A PHOTOGRAPH WAS taken of us. Me with the child, my son, before I gave him away. He is leaning back slightly, perhaps he was afraid of the flash, I don’t remember who took it. I am sitting ramrod straight with the baby, the infant balanced on my knee as though he can really sit up on his own, but I am supporting him with both hands, otherwise he would obviously fall over, he is unsteady, but I am holding him with the palms of my hands parallel, as though I were holding a parcel, a bag, if you removed the child from the picture, it would just look as though I were measuring something, demonstrating the thickness, the width, there is no pride in my expression, no happiness. I am looking at the back of his head. As he pulls backward. I have no idea where it comes from, whose idea it was to take this despondent photograph. Perhaps it was taken at the adoption office, or earlier that same day. I search my facial expression on that day, and think I discern something, is it guilty conscience, shame?

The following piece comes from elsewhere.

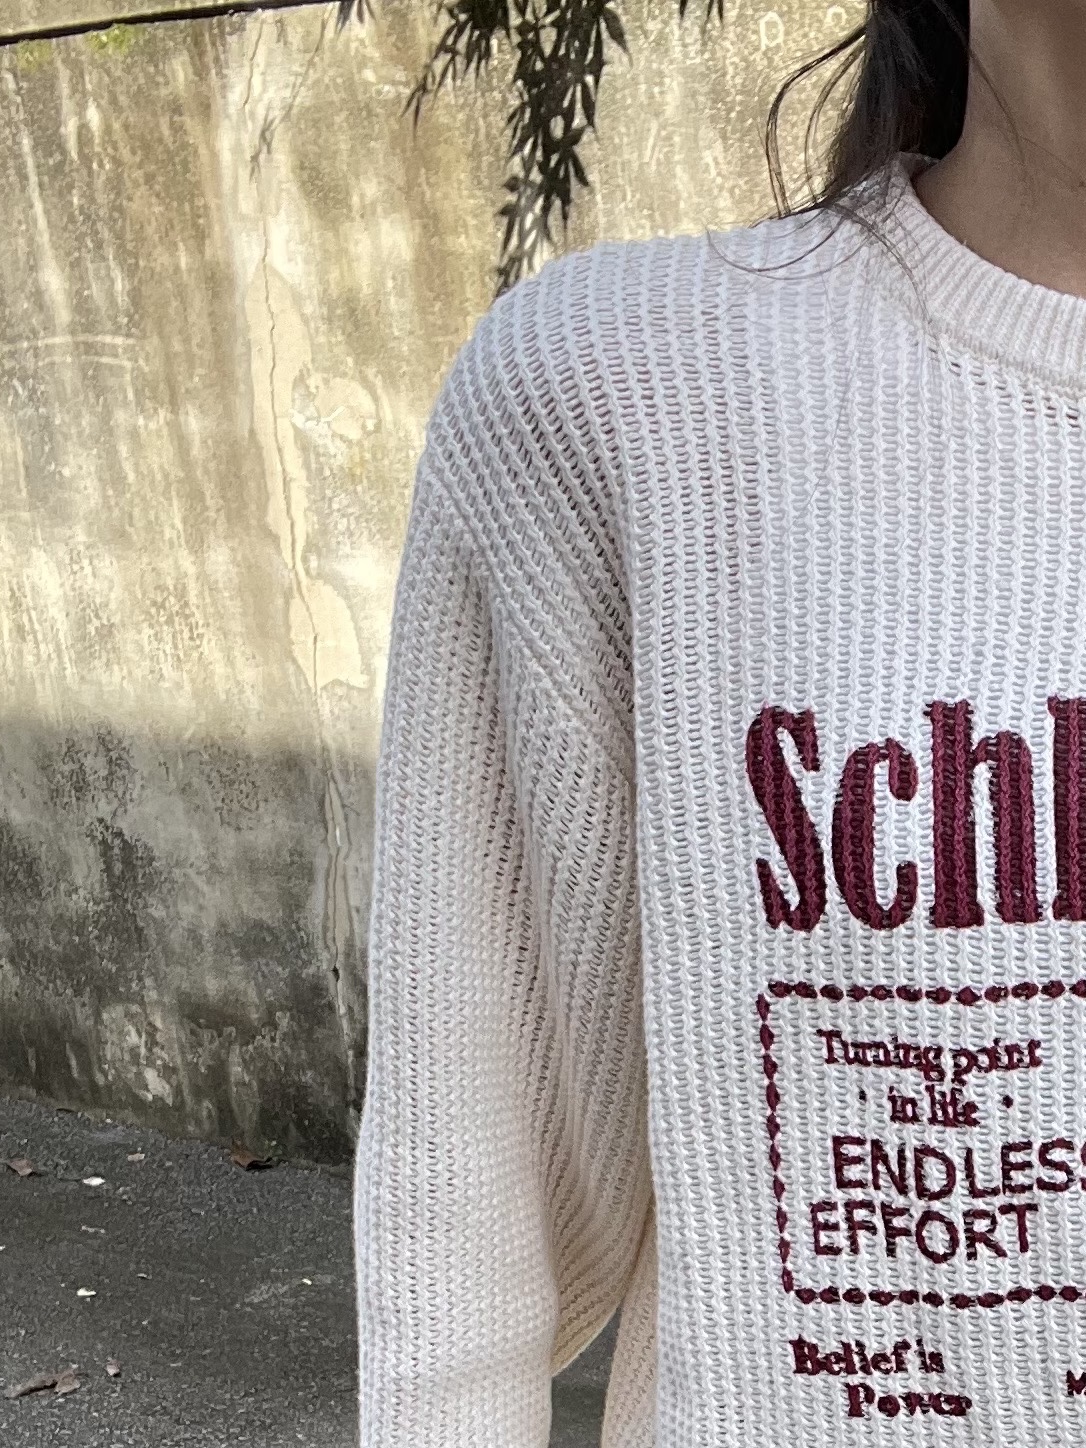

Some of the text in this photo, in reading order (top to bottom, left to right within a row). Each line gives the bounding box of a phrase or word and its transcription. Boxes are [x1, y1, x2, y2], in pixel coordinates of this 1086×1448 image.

[887, 1085, 922, 1125] in
[810, 1200, 1039, 1265] EFFORT
[788, 1333, 912, 1376] Belief

It is a dream now, remote and hazy. I tend this grave belonging to a stranger. It is always silent in the afternoon, I like to be here, around Christmastime I buy a wreath, there are lanterns placed on some of the graves at that time of year, there are other people going around arranging things. No one asks me who I am here for. Actually I don’t know myself either.
It can be called a memory trace in the brain. I read it somewhere. When a memory is first laid down, after enough time has elapsed and it has been recalled enough times, the synaptic alterations can become permanent. And parts of the brain used to retain the memory are not necessary to call it forth, it has become like a trace, a photograph, a picture that is maybe always going to be found there.